#### HOW TO COMPLETE THIS TASK
Print the entries below again exactly as they stand, but skip any picture.

#### PROVIDED DATA

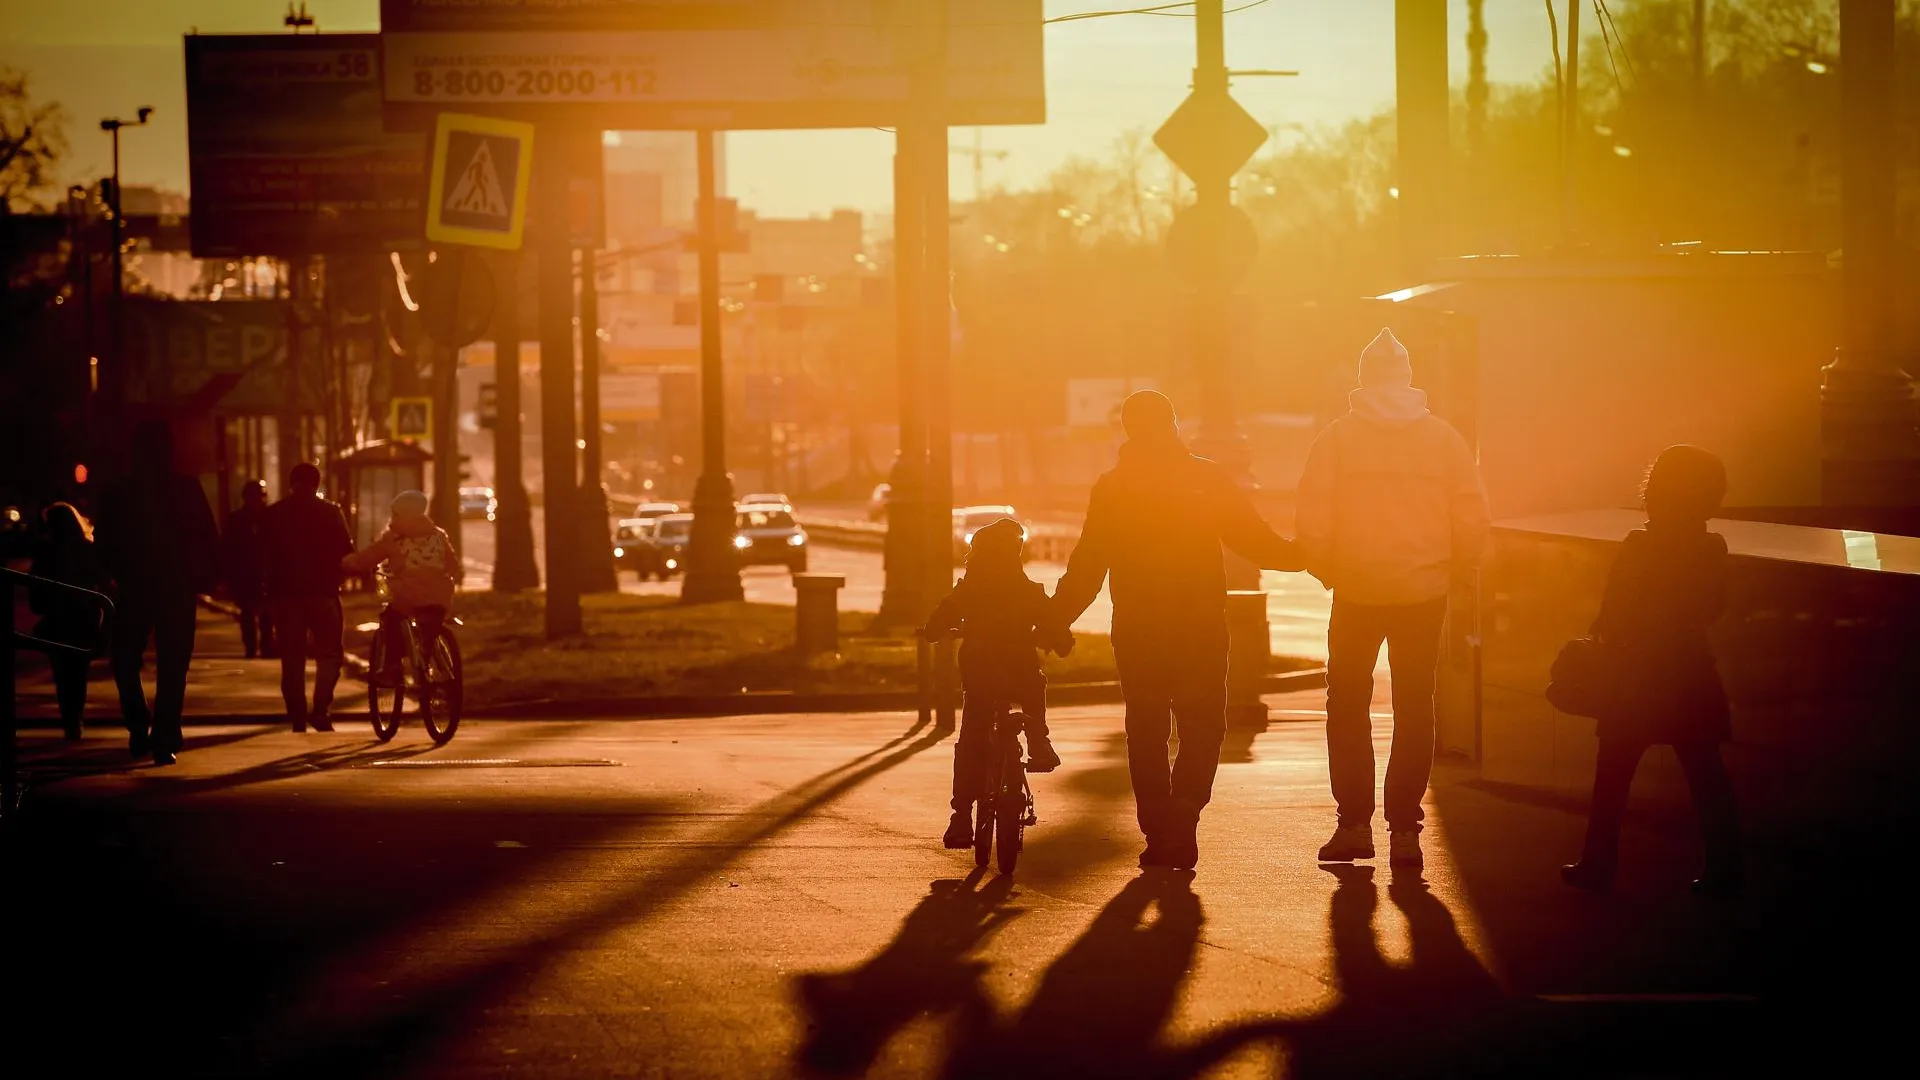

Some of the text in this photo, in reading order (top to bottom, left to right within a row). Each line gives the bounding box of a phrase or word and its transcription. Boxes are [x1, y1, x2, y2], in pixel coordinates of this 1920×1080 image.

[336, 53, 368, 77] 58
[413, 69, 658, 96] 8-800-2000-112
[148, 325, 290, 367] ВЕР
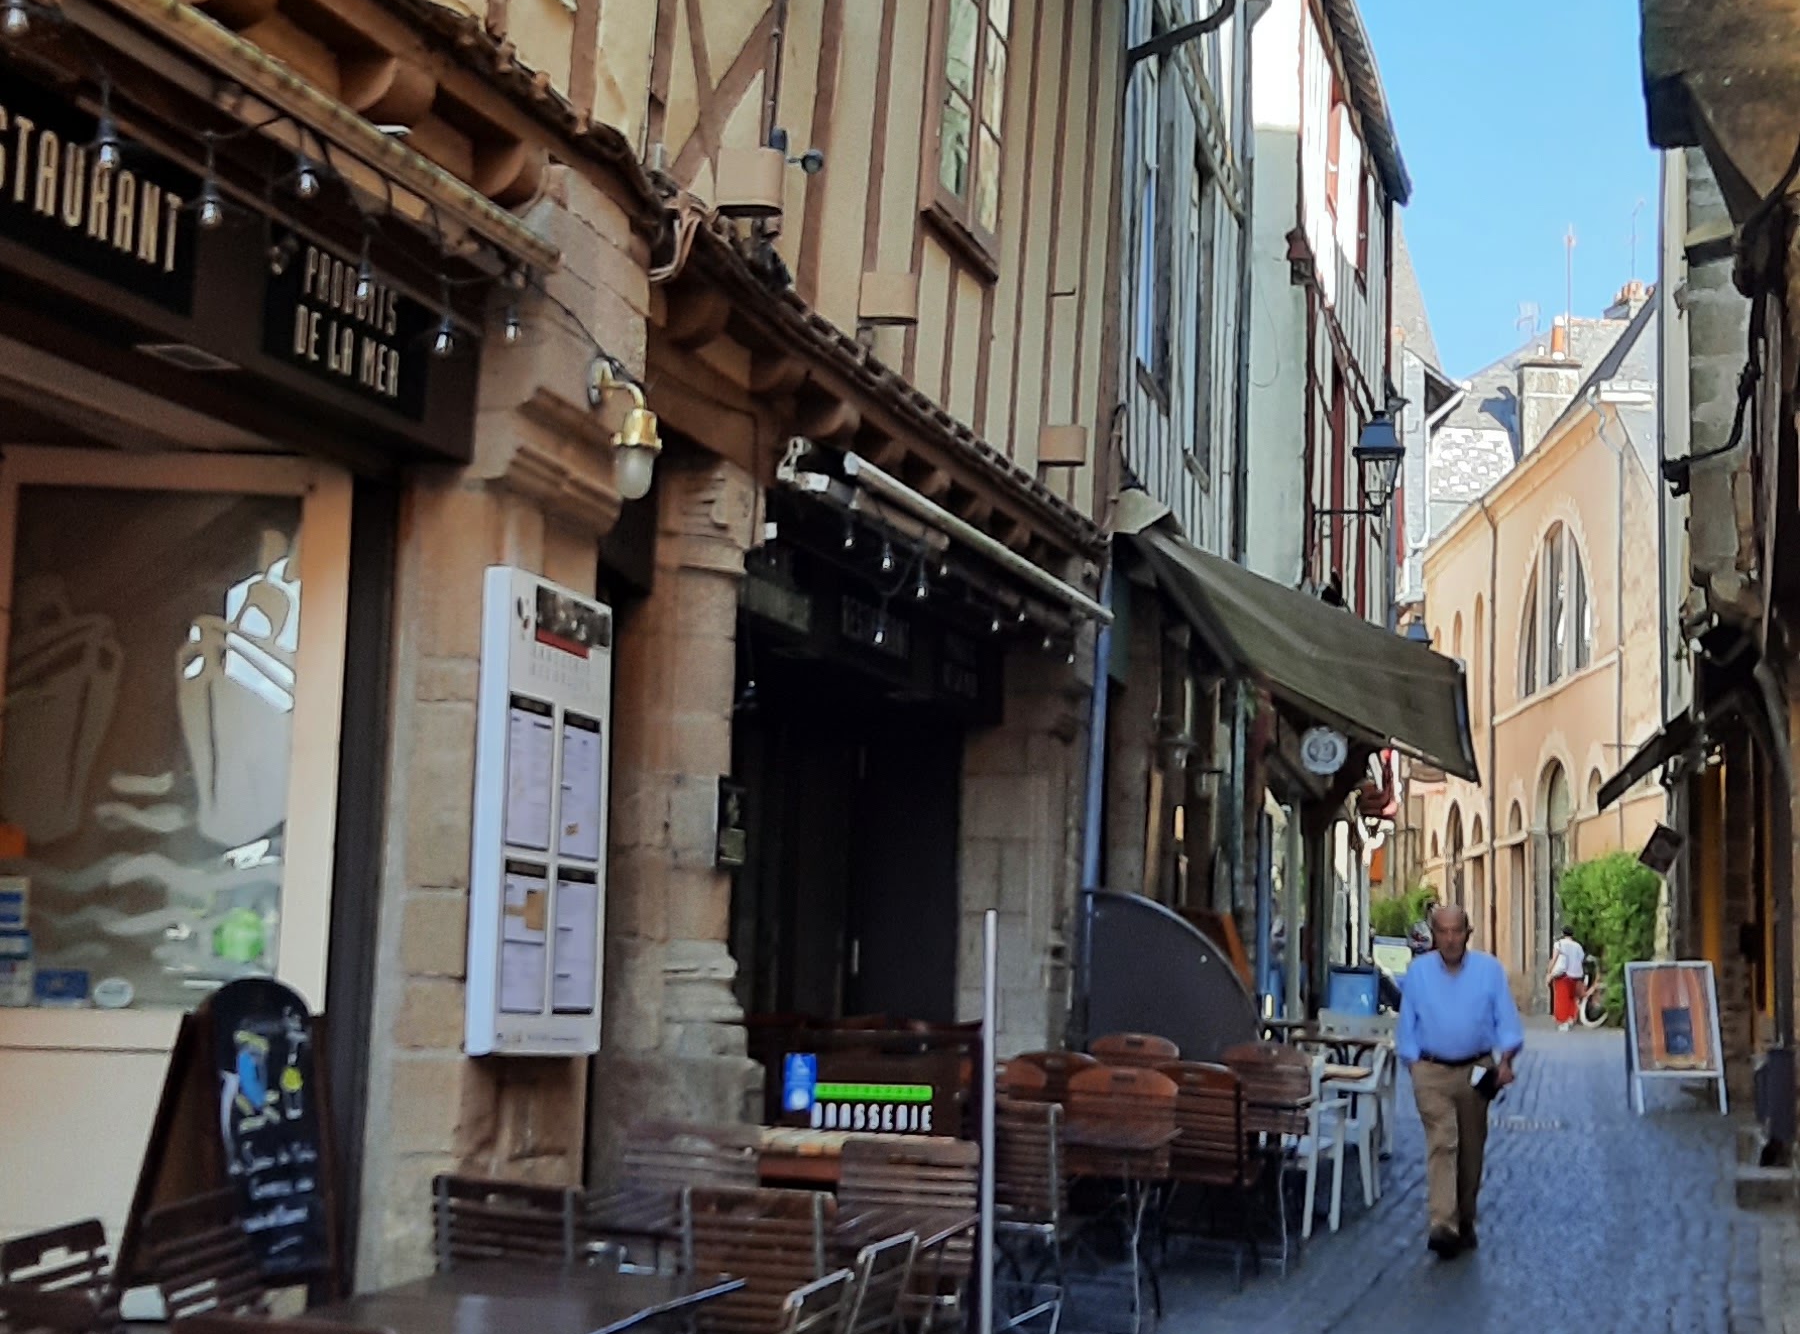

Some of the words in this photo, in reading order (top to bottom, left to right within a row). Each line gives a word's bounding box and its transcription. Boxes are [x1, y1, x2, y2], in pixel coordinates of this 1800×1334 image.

#### YOUR SOLUTION
Some of the text in this photo, in reading order (top to bottom, left to right within a row). Each line gives the bounding box of a phrase or word and its transcription. Boxes are [x1, y1, x2, y2], in pixel coordinates of this 1920×1080 image.

[336, 53, 368, 77] 58
[413, 69, 658, 96] 8-800-2000-112
[148, 325, 290, 367] ВЕР

Some of the words in this photo, in reading order (top to bottom, left to right within a row). Each line gives a word's bounding box and its transcription. Boxes are [x1, y1, x2, y2], in pixel coordinates of this 1800×1334 image.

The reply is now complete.